▶ _Task brief_: Please return every record exactly as written, leaving out the pictures.

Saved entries
··········
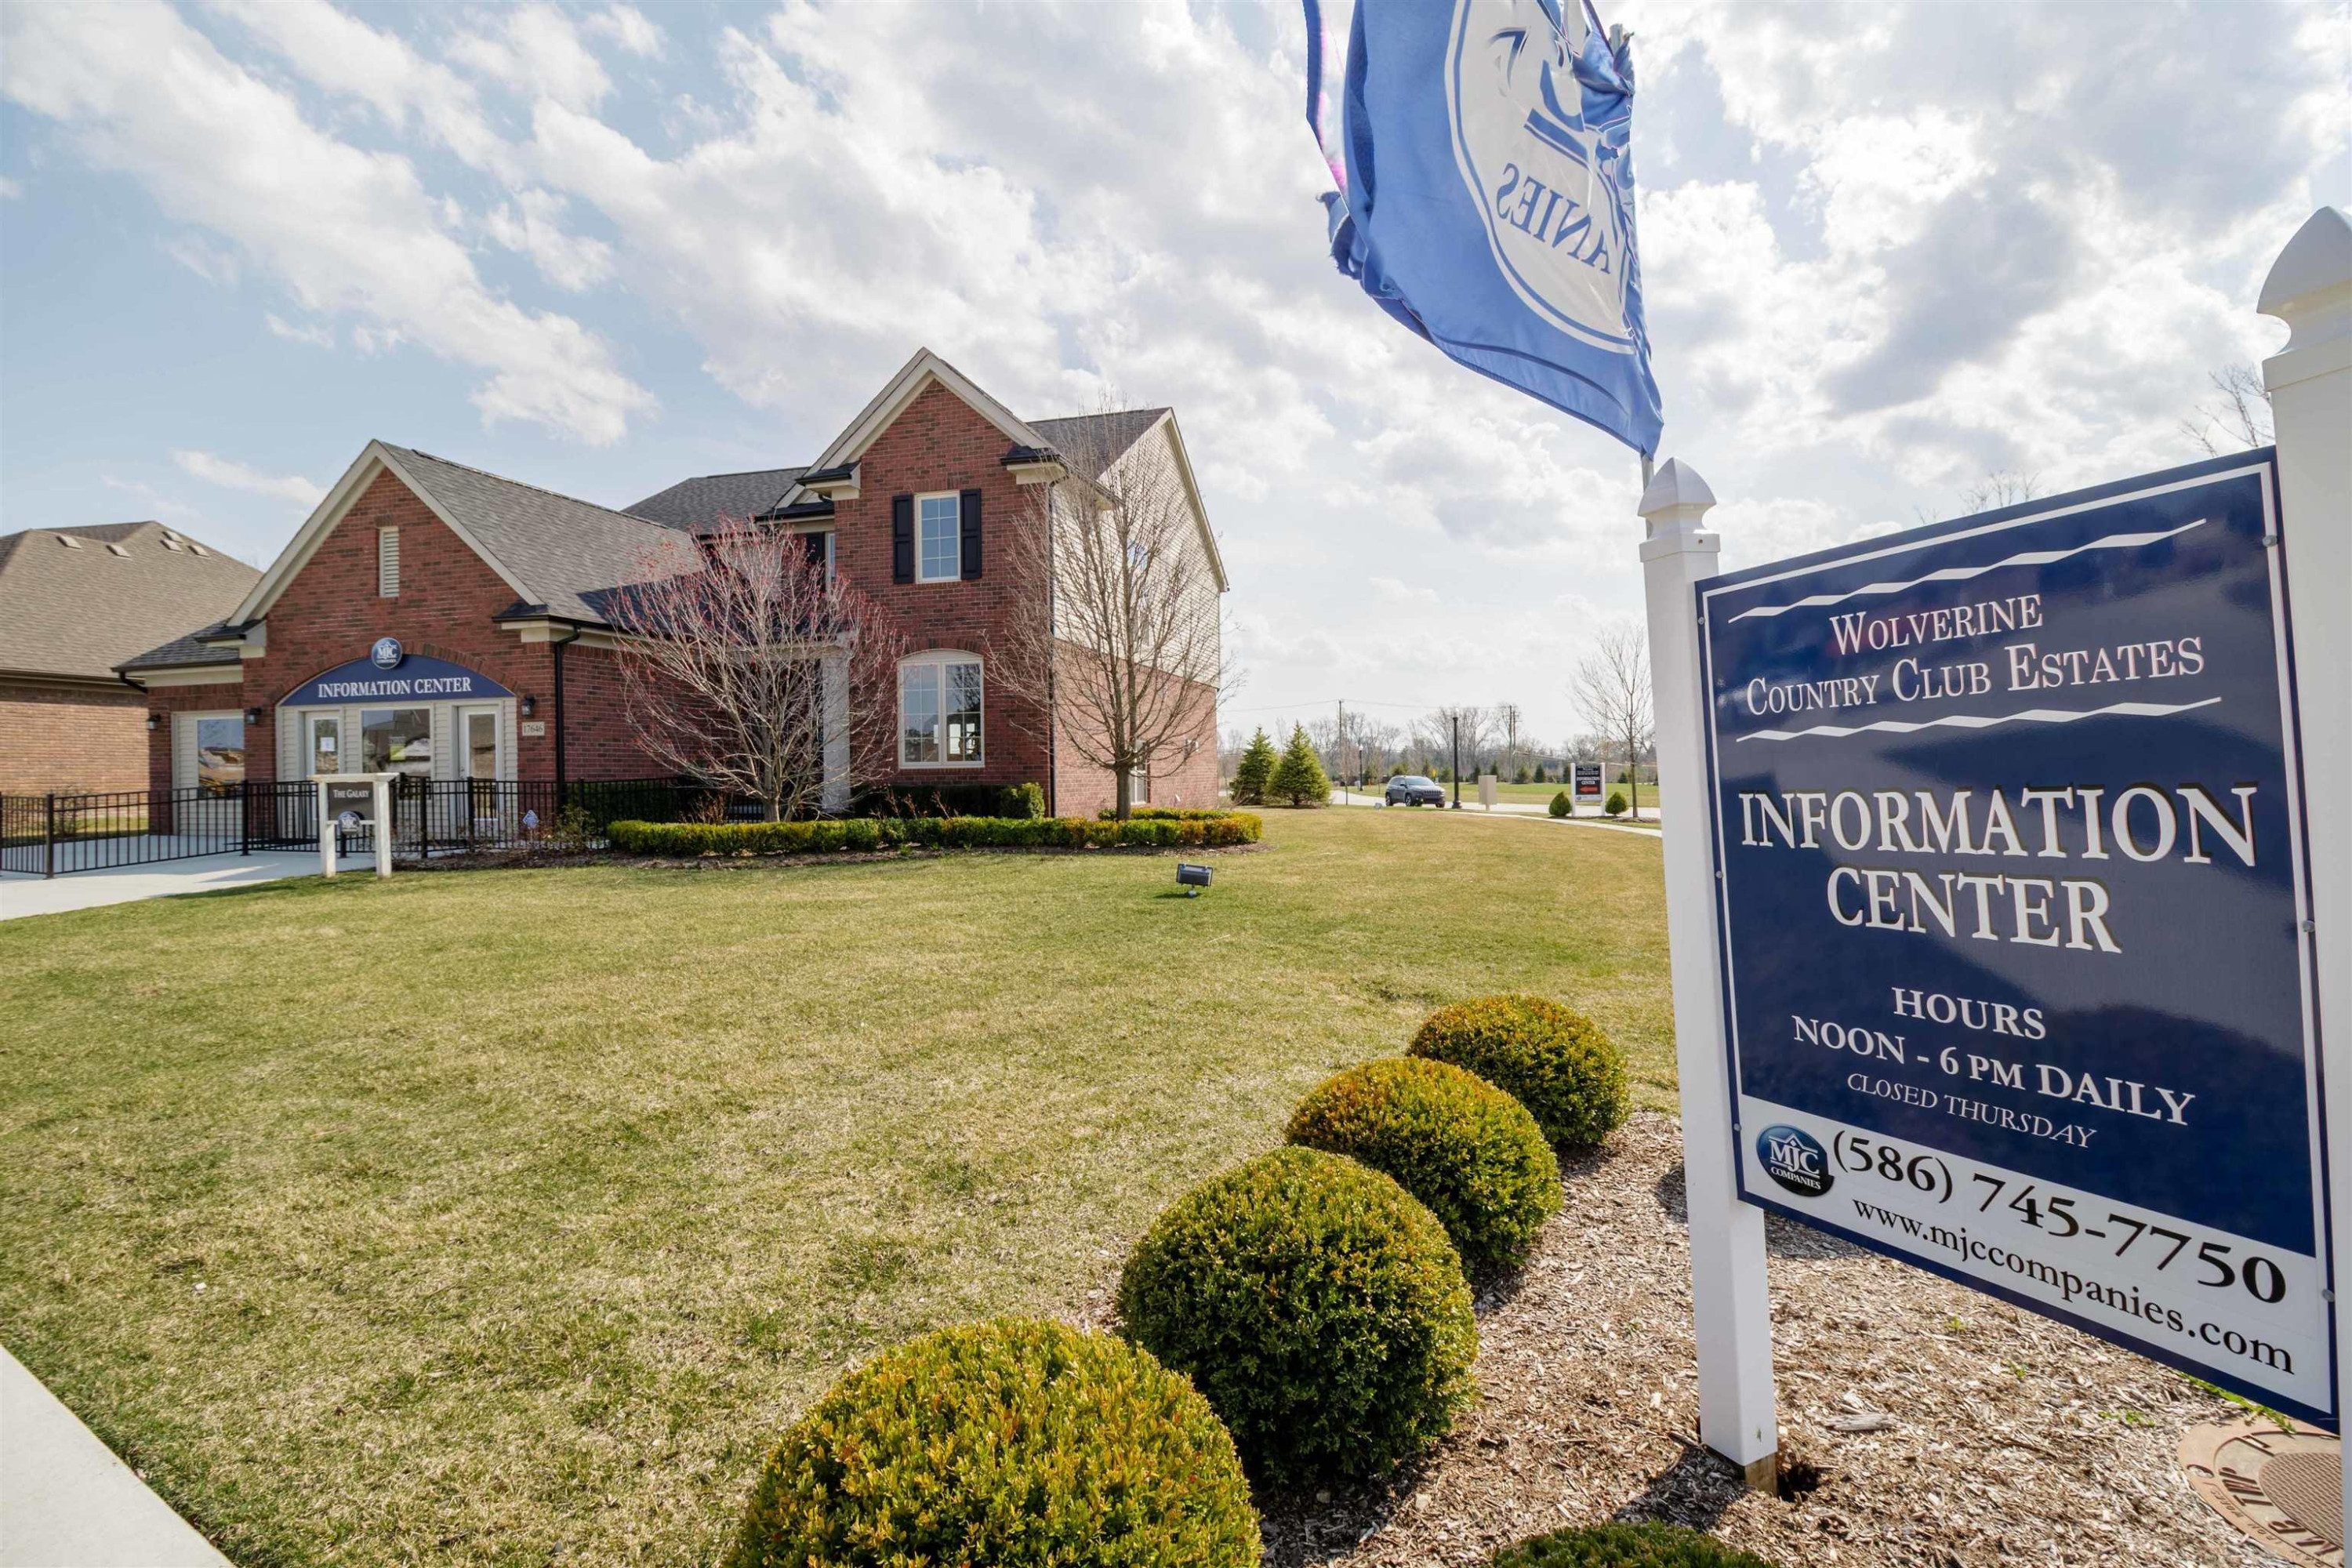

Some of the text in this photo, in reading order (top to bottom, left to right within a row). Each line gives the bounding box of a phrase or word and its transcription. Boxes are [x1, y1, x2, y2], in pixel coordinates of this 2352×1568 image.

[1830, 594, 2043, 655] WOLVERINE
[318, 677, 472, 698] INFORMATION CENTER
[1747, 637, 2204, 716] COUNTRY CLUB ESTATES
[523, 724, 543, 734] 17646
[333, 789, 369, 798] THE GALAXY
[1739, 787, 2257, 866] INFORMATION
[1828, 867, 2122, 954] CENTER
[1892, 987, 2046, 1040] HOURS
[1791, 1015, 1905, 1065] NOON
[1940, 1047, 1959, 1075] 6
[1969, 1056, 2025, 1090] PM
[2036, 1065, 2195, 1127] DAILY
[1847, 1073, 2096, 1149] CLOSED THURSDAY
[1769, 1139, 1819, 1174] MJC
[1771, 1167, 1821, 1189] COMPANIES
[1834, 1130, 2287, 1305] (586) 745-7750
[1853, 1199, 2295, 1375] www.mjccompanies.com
··········
▶ _Exercise output_:
Some of the text in this photo, in reading order (top to bottom, left to right within a row). Each line gives the bounding box of a phrase or word and its transcription. Boxes are [x1, y1, x2, y2], in pixel coordinates of this 2352×1568 image.

[1830, 594, 2043, 655] WOLVERINE
[318, 677, 472, 698] INFORMATION CENTER
[1747, 637, 2204, 716] COUNTRY CLUB ESTATES
[523, 724, 543, 734] 17646
[333, 789, 369, 798] THE GALAXY
[1739, 787, 2257, 866] INFORMATION
[1828, 867, 2122, 954] CENTER
[1892, 987, 2046, 1040] HOURS
[1791, 1015, 1905, 1065] NOON
[1940, 1047, 1959, 1075] 6
[1969, 1056, 2025, 1090] PM
[2036, 1065, 2195, 1127] DAILY
[1847, 1073, 2096, 1149] CLOSED THURSDAY
[1769, 1139, 1819, 1174] MJC
[1771, 1167, 1821, 1189] COMPANIES
[1834, 1130, 2287, 1305] (586) 745-7750
[1853, 1199, 2295, 1375] www.mjccompanies.com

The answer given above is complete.